An estimated turn-over half-life of 1.2 h was calculated, which is in keeping with the range that has been noted in rats [27], and in humans, with an observed a cTnI half-life of 2 h [31]. It is unclear if earlier and more frequent troponin sampling, perhaps during or shortly after doxorubicin dosing, would have made a difference to the results. Although increased cTnI measurements are useful prognostically in terms of doxorubicin-cardiotoxicity in patients [14], we caution that the relatively low levels of cTnI presently recorded are reflected in the parameter estimates of E max and EC50, and should be applied with some caution with respect to wider extrapolation. It is also important to note that the prior cumulative doses of doxorubicin ranged from 0 to 225 mg/m2, but in clinical practice doses much higher than 225 mg/m2 are more typically associated with significant myocardial injury [32]. Recent work by Nathan et al. indicated that the incidence of congestive heart failure approached 10% in children exposed to cumulative doses above 300 mg/m2 at 20-year follow-up after treatment [32]. Thus, the relatively low cumulative doses of doxorubicin presently prescribed may also have contributed to the relatively low doxorubicin-induced troponin (cTnI) concentrations. Nonetheless, there was a significant relationship between prior cumulative anthracycline dose and baseline cTnI. Looking for trends in troponin and relative increases from previous baseline values may reveal evidence of early cardiotoxicity, and thereby assist in the monitoring and avoidance of progression of cardiotoxic effects.

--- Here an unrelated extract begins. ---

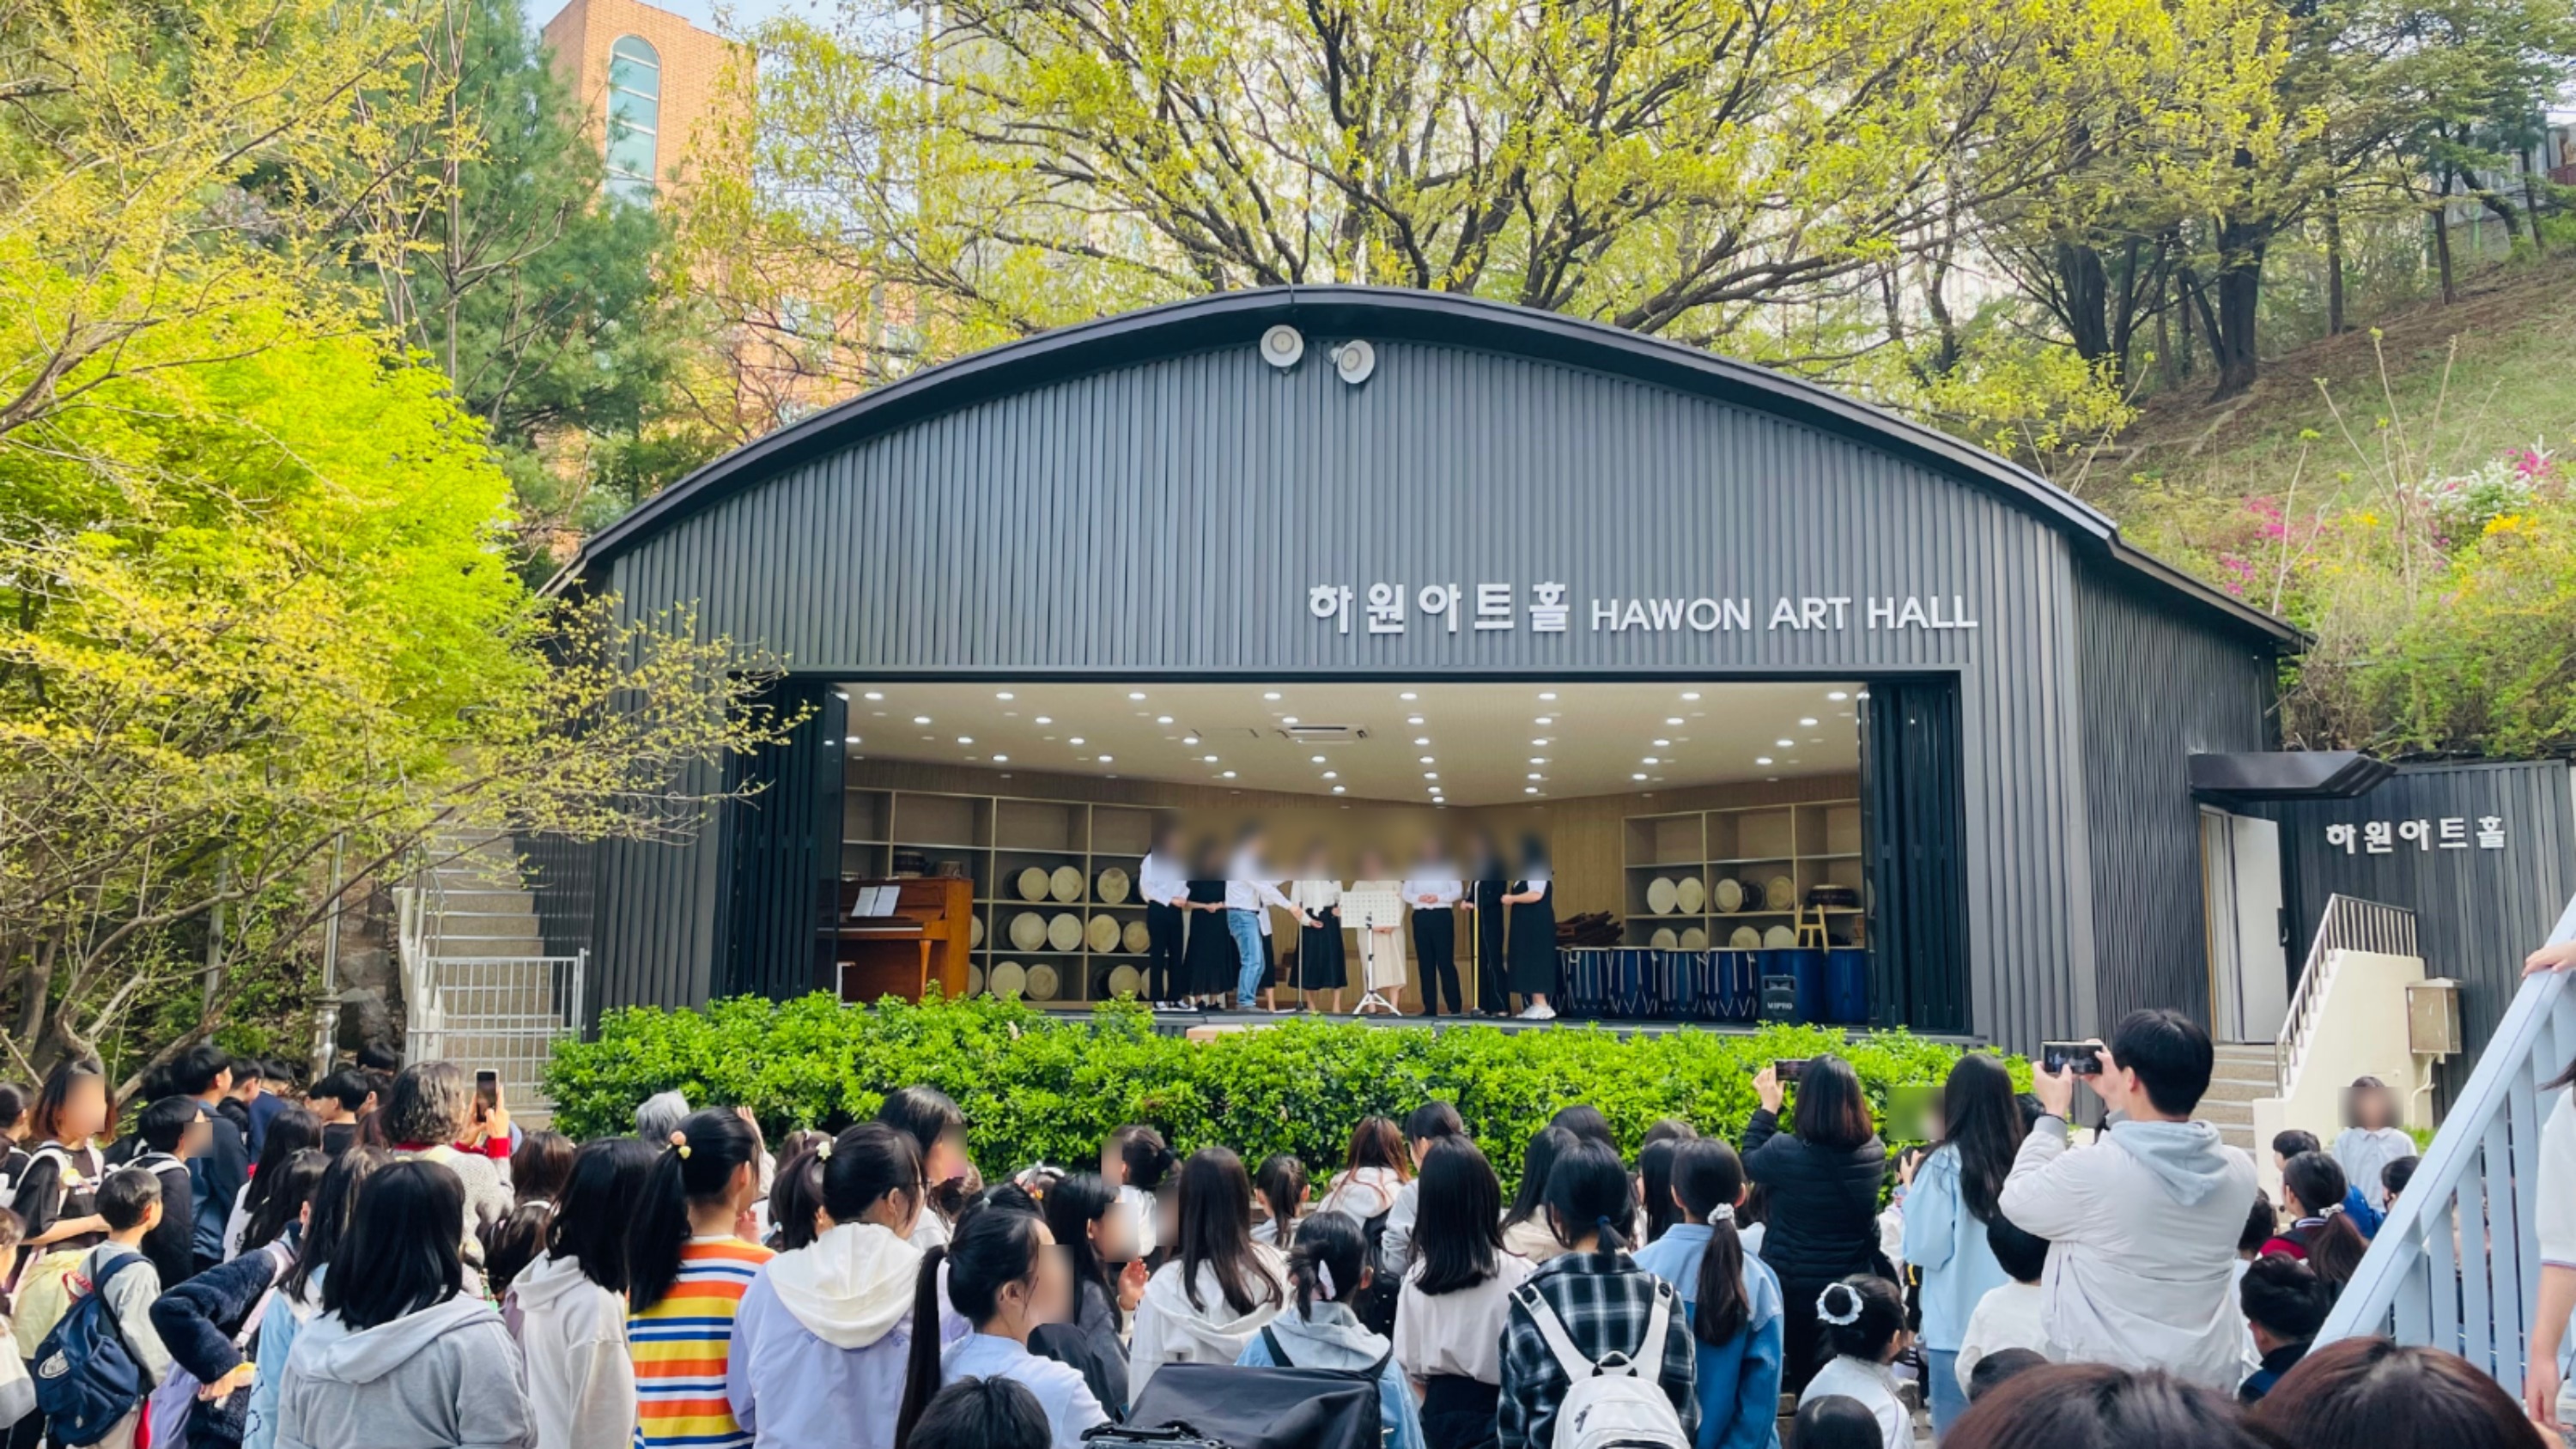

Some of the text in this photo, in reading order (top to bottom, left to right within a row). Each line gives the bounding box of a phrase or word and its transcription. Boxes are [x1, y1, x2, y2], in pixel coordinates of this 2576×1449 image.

[1309, 581, 1570, 634] 하원아트홀
[1592, 595, 1978, 631] HAWON ART HALL
[2325, 815, 2506, 854] 하원아트홀

The importance of monitoring doxorubicin cardiotoxicity has been recognised previously, especially given the increased survival rates in modern paediatric oncology practice, but it still unclear what the long-term outcomes of doxorubicin treatment in childhood are later in life. There is some evidence that in high-risk paediatric acute lymphoblastic leukaemia, elevated levels of cTnI and N-terminal pro-brain natriuretic peptide (NT-proBNP), which is a marker of ventricular wall stress, are detected within 90 days of anthracycline therapy, and are associated with impaired left ventricular function cardiac function up to 4 years after therapy is completed [33]. However, it is unclear if this impaired cardiac function persists later in life, and whether elevated troponin concentrations immediately after doxorubicin dosing correlate with persistent impaired cardiac function up to decades after chemotherapy.

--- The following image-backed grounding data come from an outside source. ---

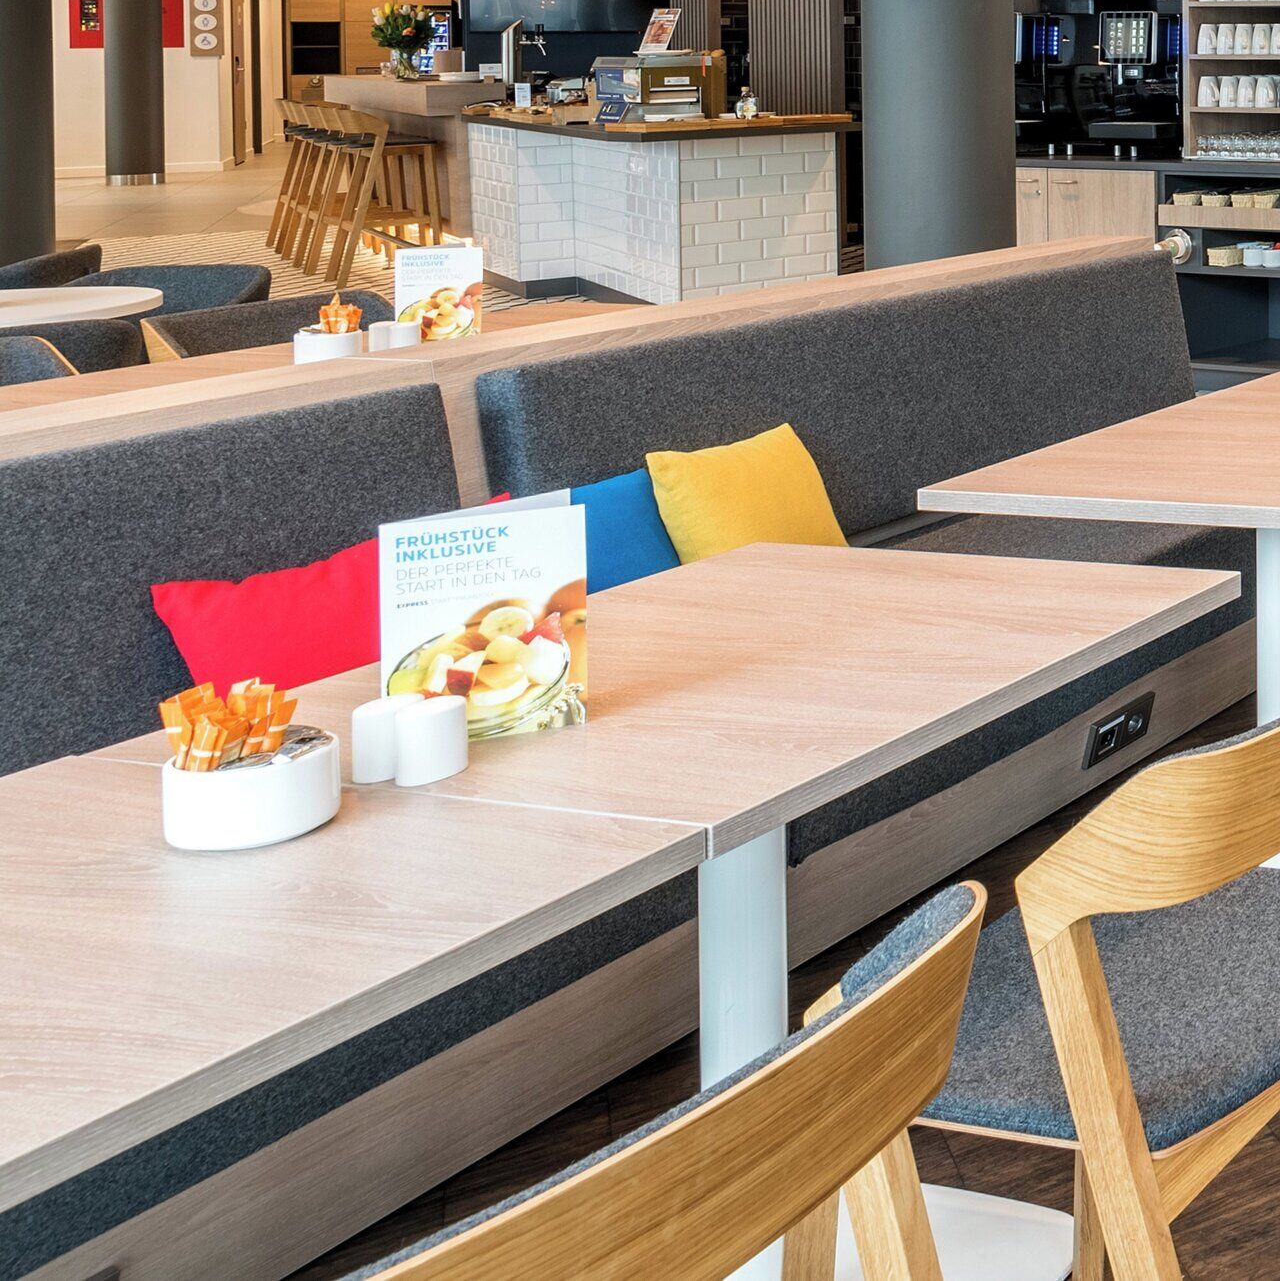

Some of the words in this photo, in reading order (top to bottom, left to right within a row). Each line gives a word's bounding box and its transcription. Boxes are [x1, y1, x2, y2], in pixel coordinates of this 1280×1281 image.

[395, 525, 510, 549] FRÜHSTÜCK
[395, 540, 497, 563] INKLUSIVE
[396, 566, 429, 581] DER
[434, 556, 514, 576] PERFEKTE
[395, 578, 446, 596] START
[451, 575, 467, 589] IN
[473, 571, 506, 586] DEN
[512, 566, 542, 581] TAG
[396, 600, 429, 609] EXPRESS

Clearly, in extending the conclusions of this study, further investigation and validation with a larger independent dataset is warranted, and also with other chemotherapeutic and novel targeted therapies to determine whether cardiotoxic effects can be monitored by TnI levels, and whether these relationships with other medications are similar to those presently observed.

Conclusion

This pilot study identified that prior anthracycline exposure and infusion rates correlated with baseline cTnI levels, which may be useful in the assessment of long-term cardiotoxicity risk prediction. Such a relationship was noted despite the relatively low cumulative doses of doxorubicin observed. The present study contributes to an improved understanding of the factors underscoring dose-concentration-toxicity relationships in children with cancer.